### EXERCISE
Your task is to output the listing word for word, with pictures excluded.

### EXERCISE MATERIALS
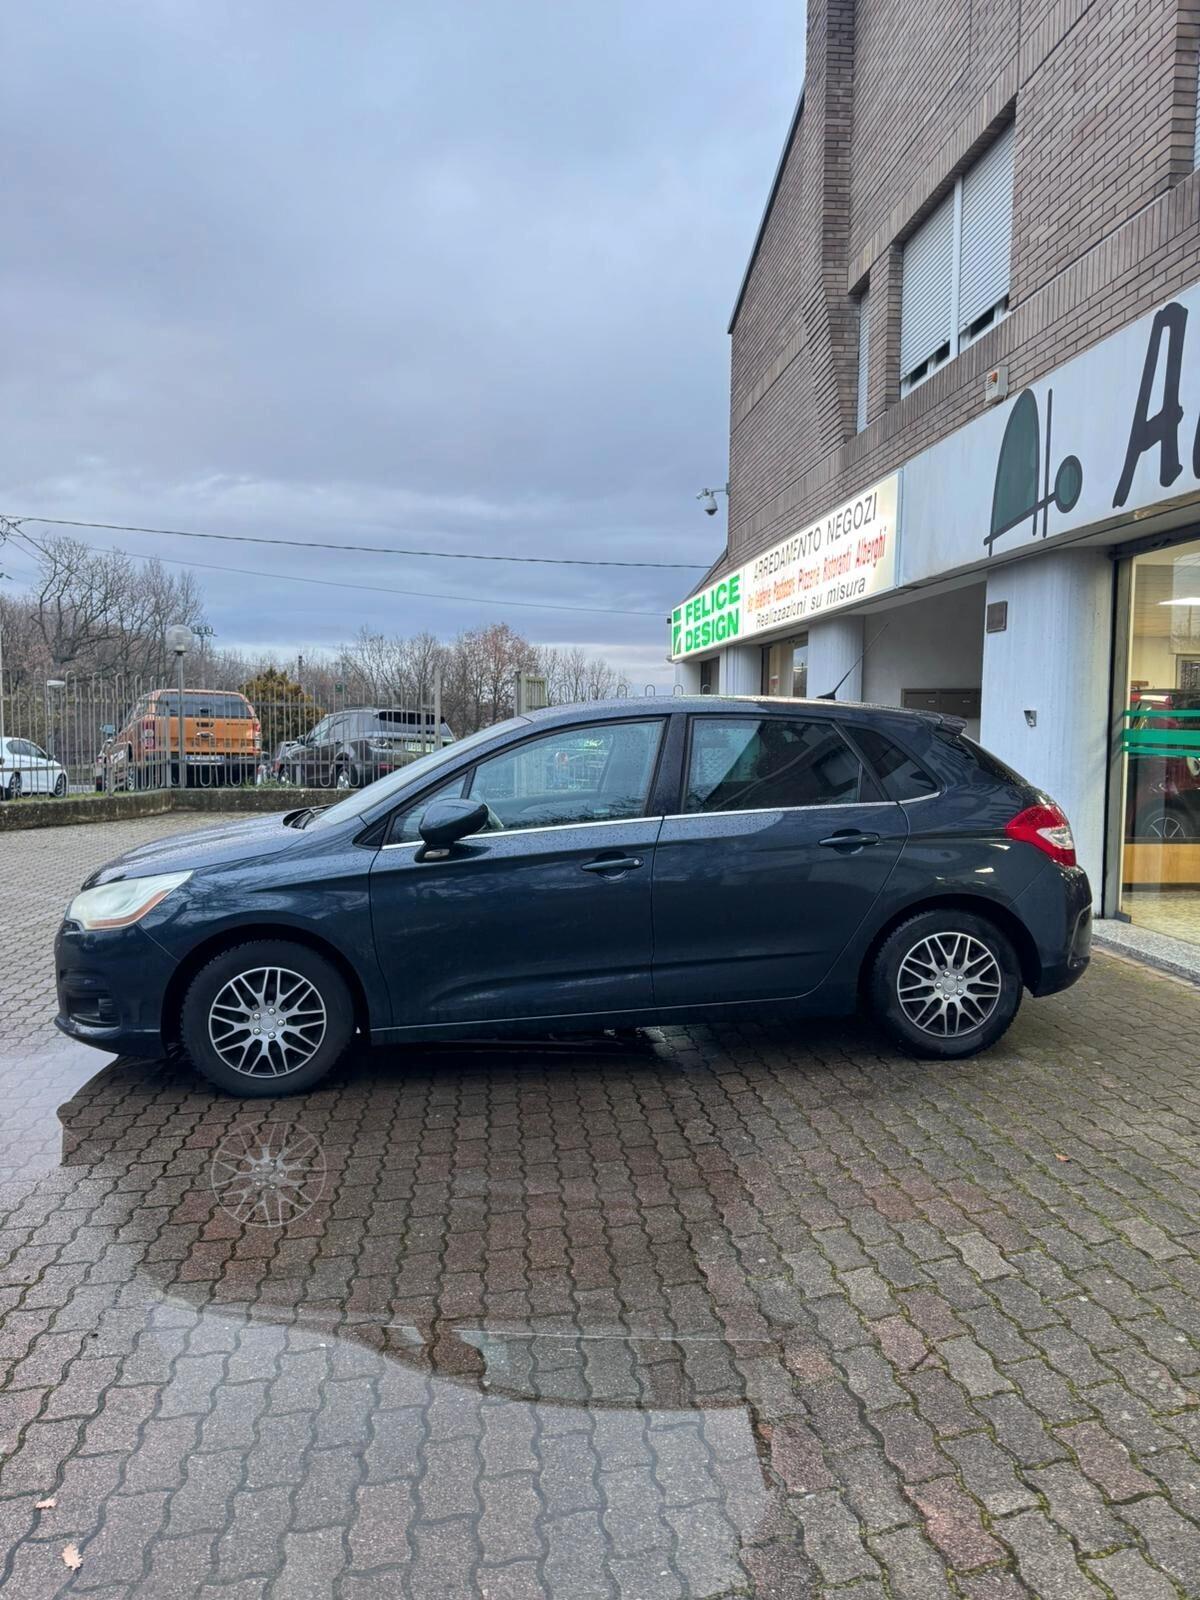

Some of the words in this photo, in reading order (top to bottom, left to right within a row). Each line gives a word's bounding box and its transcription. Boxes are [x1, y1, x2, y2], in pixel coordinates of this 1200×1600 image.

[1112, 301, 1200, 509] A
[753, 527, 822, 583] ARREDAMENTO
[827, 492, 878, 546] NEGOZI
[855, 526, 887, 568] Alberghi
[685, 573, 741, 625] FELICE
[756, 595, 807, 629] Realizzazioni
[810, 594, 822, 611] su
[826, 576, 866, 605] misura
[685, 608, 740, 652] DESIGN
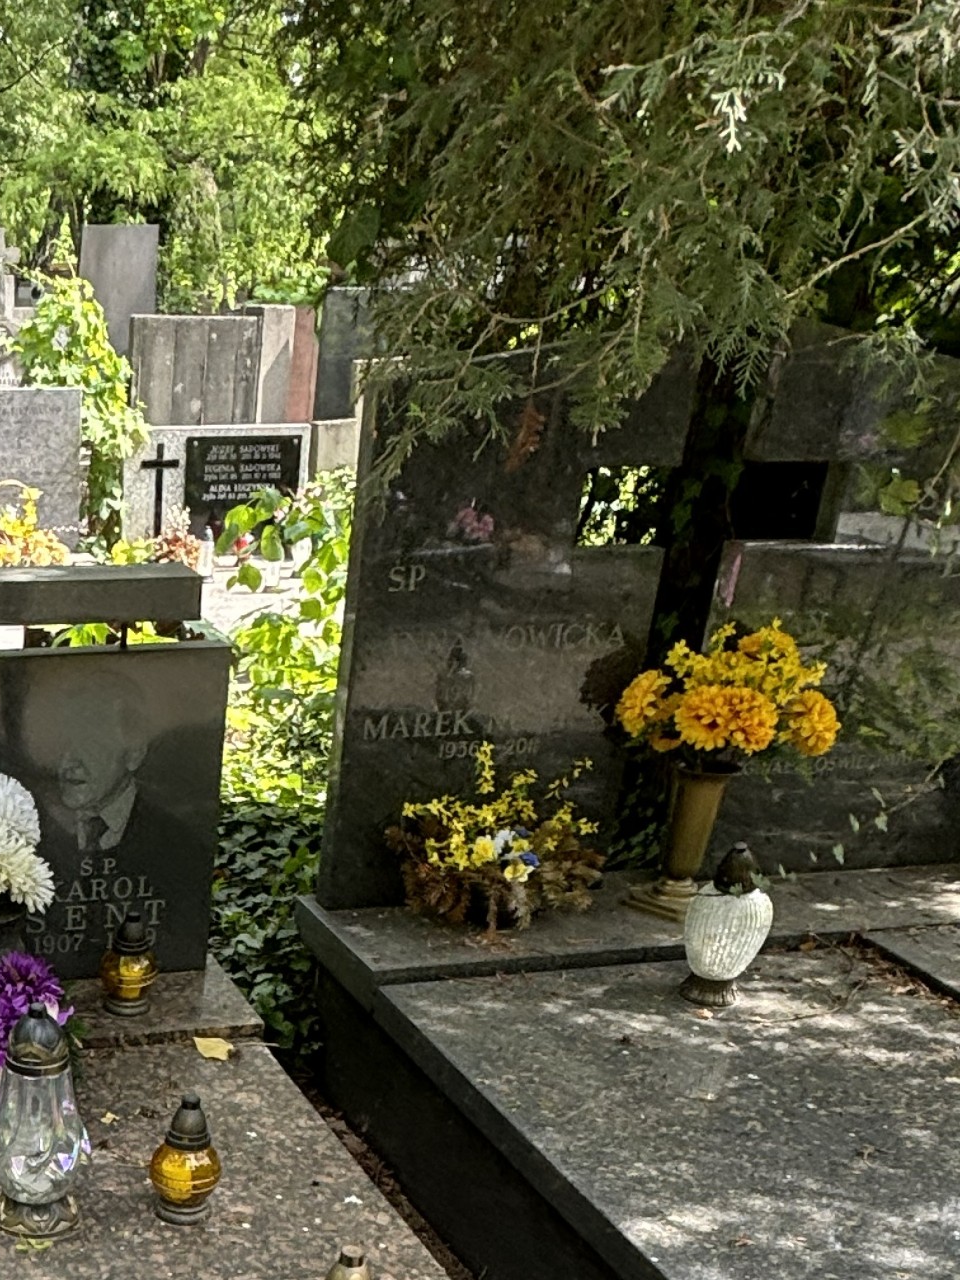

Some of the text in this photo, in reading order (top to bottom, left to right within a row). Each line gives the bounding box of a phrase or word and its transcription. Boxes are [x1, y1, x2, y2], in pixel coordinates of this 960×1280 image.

[362, 709, 478, 741] MAREK
[26, 898, 167, 936] SENT
[33, 932, 86, 956] 1907
[106, 926, 158, 951] 19

### SOLUTION
Some of the words in this photo, in reading order (top to bottom, left to right within a row). Each line gives a word's bounding box and its transcription. Boxes are [x1, y1, x2, y2], in pixel coordinates of this 1200×1600 image.

[1112, 301, 1200, 509] A
[753, 527, 822, 583] ARREDAMENTO
[827, 492, 878, 546] NEGOZI
[855, 526, 887, 568] Alberghi
[685, 573, 741, 625] FELICE
[756, 595, 807, 629] Realizzazioni
[810, 594, 822, 611] su
[826, 576, 866, 605] misura
[685, 608, 740, 652] DESIGN

Some of the text in this photo, in reading order (top to bottom, left to right within a row). Each line gives the bounding box of a phrase or word and its transcription. Boxes are [x1, y1, x2, y2], in pixel coordinates of this 960×1280 image.

[362, 709, 478, 741] MAREK
[26, 898, 167, 936] SENT
[33, 932, 86, 956] 1907
[106, 926, 158, 951] 19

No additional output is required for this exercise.